Zusagen müssen eingehalten werden – über Verbesserungen kann man nachdenken =
„Es ist eine Riesensauerei“, sagt der interimistische SPÖ-Bundesgeschäftsführer und Präsident des Sozialdemokratischen Wirtschaftsverbands Christoph Matznetter zu den Vorhaben der schwarz-blauen Regierungsverhandler in Sachen Beschäftigungsbonus. Laut Vernehmen soll dieser gecancelt werden. Das Finanzministerium will die für drei Jahre zugesagten Förderungen bei den Lohnnebenkosten nicht an die Unternehmen auszahlen, die im Vertrauen auf die Regierungs-Beschlüsse zusätzliche MitarbeiterInnen angestellt haben. „11.000 Anträge wurden bereits gestellt. Die Unternehmen haben darauf vertraut, die EU-Kommission hat grünes Licht gegeben, aber Schwarz-Blau will offenbar nicht zahlen“, sagt die interimistische SPÖ-Bundesgeschäftsführerin Andrea Brunner. „Diese für Wirtschaftstreibende und ArbeitnehmerInnen unberechenbare Politik schafft keine Arbeitsplätze, aber Verunsicherung. Soll nun für tausende Menschen Weihnachten mit drohendem Arbeitsplatzverlust im kommenden Jahr ins Haus stehen?“, verweisen Matznetter und Brunner auf die Folgen einer solchen überhasteten Entscheidung und pochen auf das Einhalten von Zusagen.
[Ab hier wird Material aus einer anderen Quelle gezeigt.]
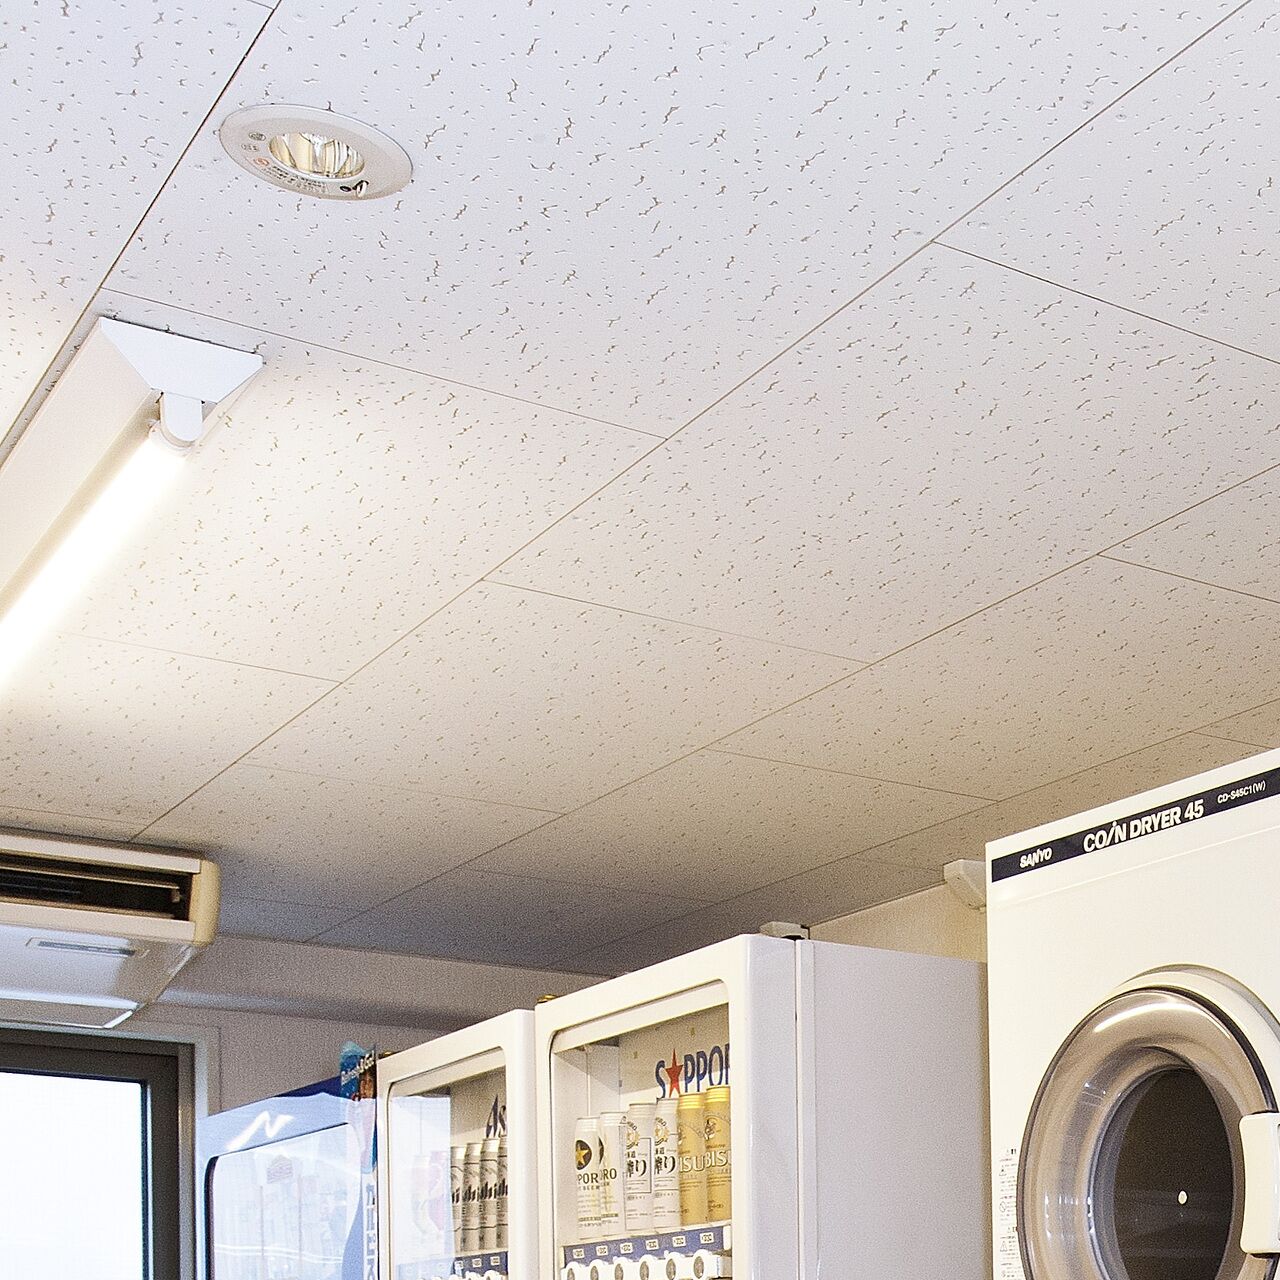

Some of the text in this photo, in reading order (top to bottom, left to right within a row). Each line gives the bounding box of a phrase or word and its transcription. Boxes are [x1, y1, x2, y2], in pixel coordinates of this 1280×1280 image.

[1129, 807, 1181, 840] DRYER
[1183, 799, 1204, 821] 45
[1019, 847, 1052, 868] SANYO
„Es ist wirtschaftspolitischer Irrsinn, den Bonus nachträglich abzusagen“, betont Matznetter. Die von SPÖ und ÖVP beschlossene Förderung soll Unternehmen dabei unterstützen, zusätzliche Arbeitsplätze zu schaffen. „Diese Unternehmen erwarten nun, dass ihnen bis zu drei Jahre lang die Hälfte der Lohnnebenkosten ersetzt werden, so wie das beschlossen war“, sagte Matznetter. Sogar die Wirtschaftskammer Österreich mahnt zu einem behutsamen Vorgehen in dieser Angelegenheit. „Verbesserungen sind immer möglich, aber bei einem solchen Radikalschnitt sind Kündigungen geradezu programmiert. Sowas lässt sich vermeiden“, plädiert Brunner für eine sozialpartnerschaftliche Lösung und eine vernünftige Weiterentwicklung des Beschäftigungsbonus.